Dokter: Terapi Radiasi Dibutuhkan Sebagian Pasien Kanker

banner 468x60

REPUBLIKA.CO.ID, JAKARTA – Sekitar 50 hingga 60 persen pasien kanker memerlukan terapi radiasi untuk menunjang pengobatan kanker dibandingkan operasi dan kemoterapi, kata dr Angela Gisilvania, ahli onkologi radiasi RS Cipto Manjunkusumo. Terapi radiasi atau dikenal juga dengan istilah terapi radiasi berguna untuk membunuh bibit kanker yang mungkin tersisa setelah operasi, dan kemoterapi bagi pasien kanker untuk menjaga pasien bebas kanker.

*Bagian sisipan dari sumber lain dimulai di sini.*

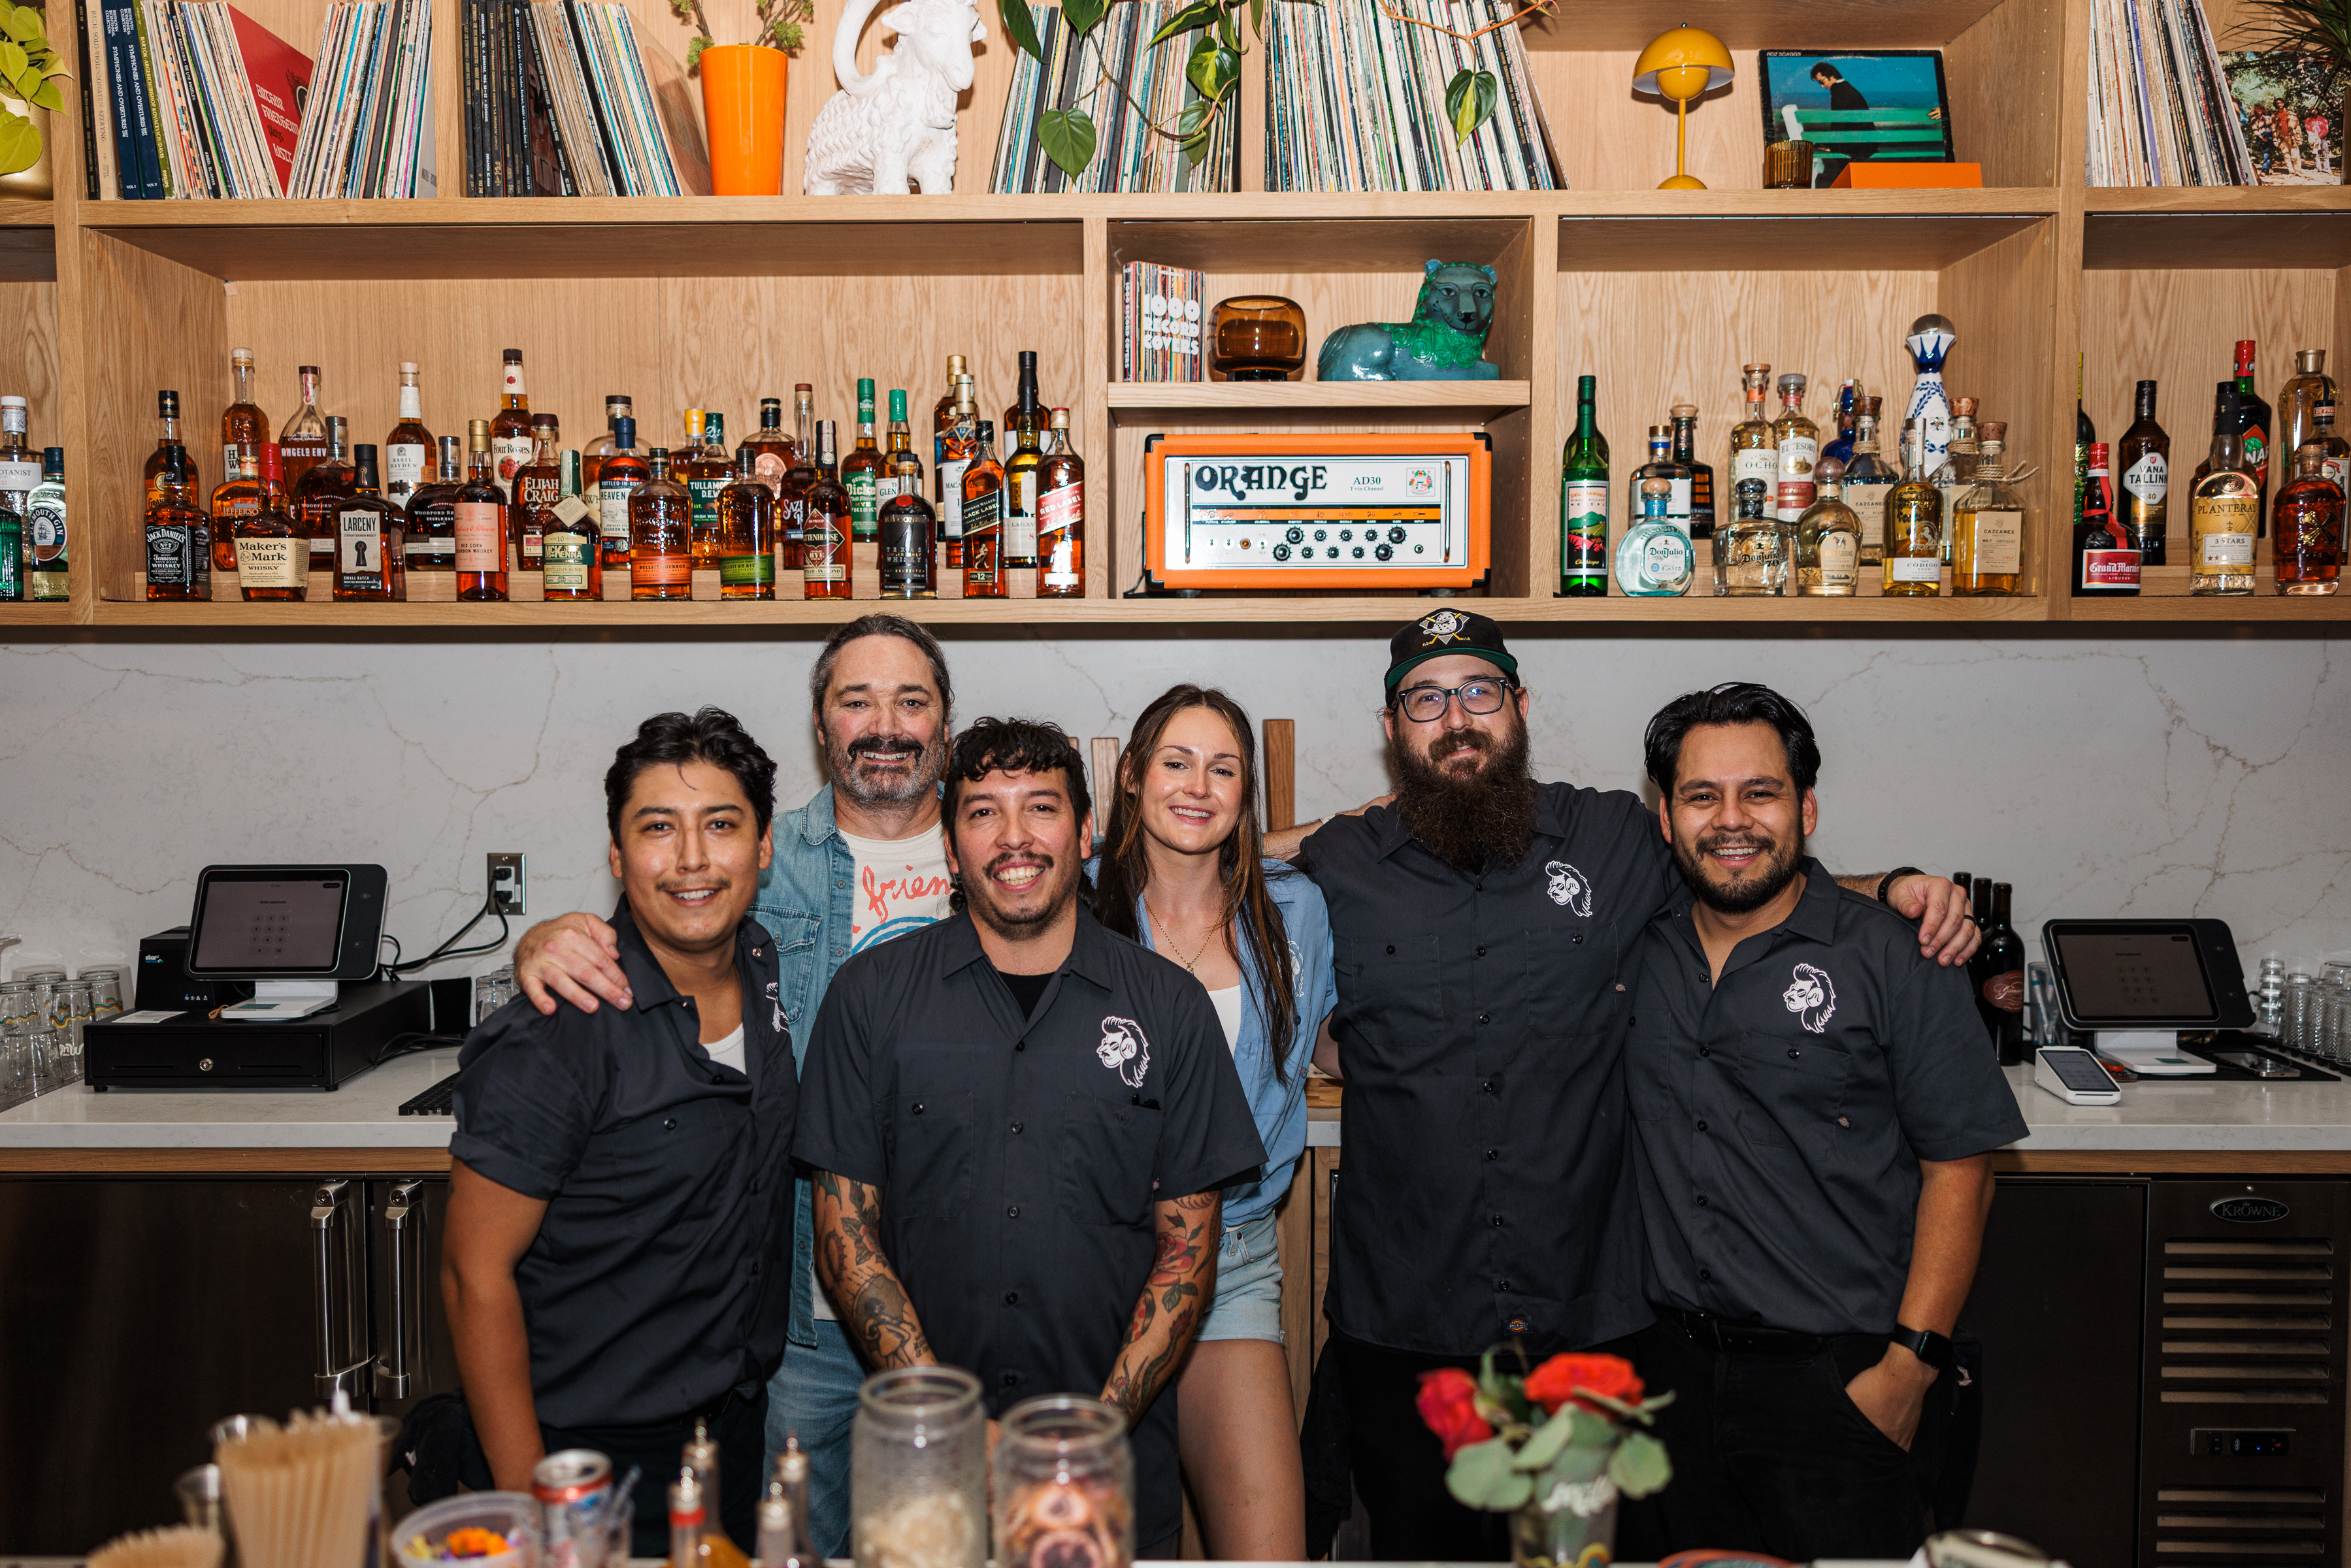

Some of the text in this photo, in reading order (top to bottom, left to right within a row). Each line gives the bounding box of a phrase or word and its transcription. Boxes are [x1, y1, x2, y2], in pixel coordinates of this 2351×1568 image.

Angela mengatakan pada konferensi kesehatan yang dia hadiri: “Peran radiasi adalah pelengkap dari pembedahan dan kemoterapi, dan itu tergantung pada jenis dan stadium sel kanker, namun yang pasti sekitar 50-60 persen pasien kanker memerlukan radiasi untuk mencapai tujuan tersebut. perlakukan mereka.” . Dikutip pada Selasa (6/2/2024) secara online di Jakarta.

Bacaan Lainnya
banner 300x250

Kanker serviks stadium 2B. Untuk beberapa jenis kanker, seperti kanker otot atau kanker otak. Hal ini dapat diobati dengan radiasi tanpa operasi sebelumnya. Terapi radiasi juga mengurangi pendarahan pada jenis kanker tertentu dan mengurangi rasa sakit parah yang sering dialami pasien kanker.

Terapi radiasi adalah pilihan lain jika pasien kanker tidak dapat menjalani operasi untuk mengangkat kankernya.

Padahal, radiasi merupakan salah satu alternatif pilihan bagi pasien yang biasanya tidak diperbolehkan menjalani operasi atau kondisinya tidak cukup baik untuk menjalani operasi, sehingga pasien tidak akan merasakan apa-apa jika diberikan radiasi, katanya. Radiasinya tidak berwarna, tidak berasa dan Angela berkata: ‘Ini seperti CT scan karena tidak berbau.’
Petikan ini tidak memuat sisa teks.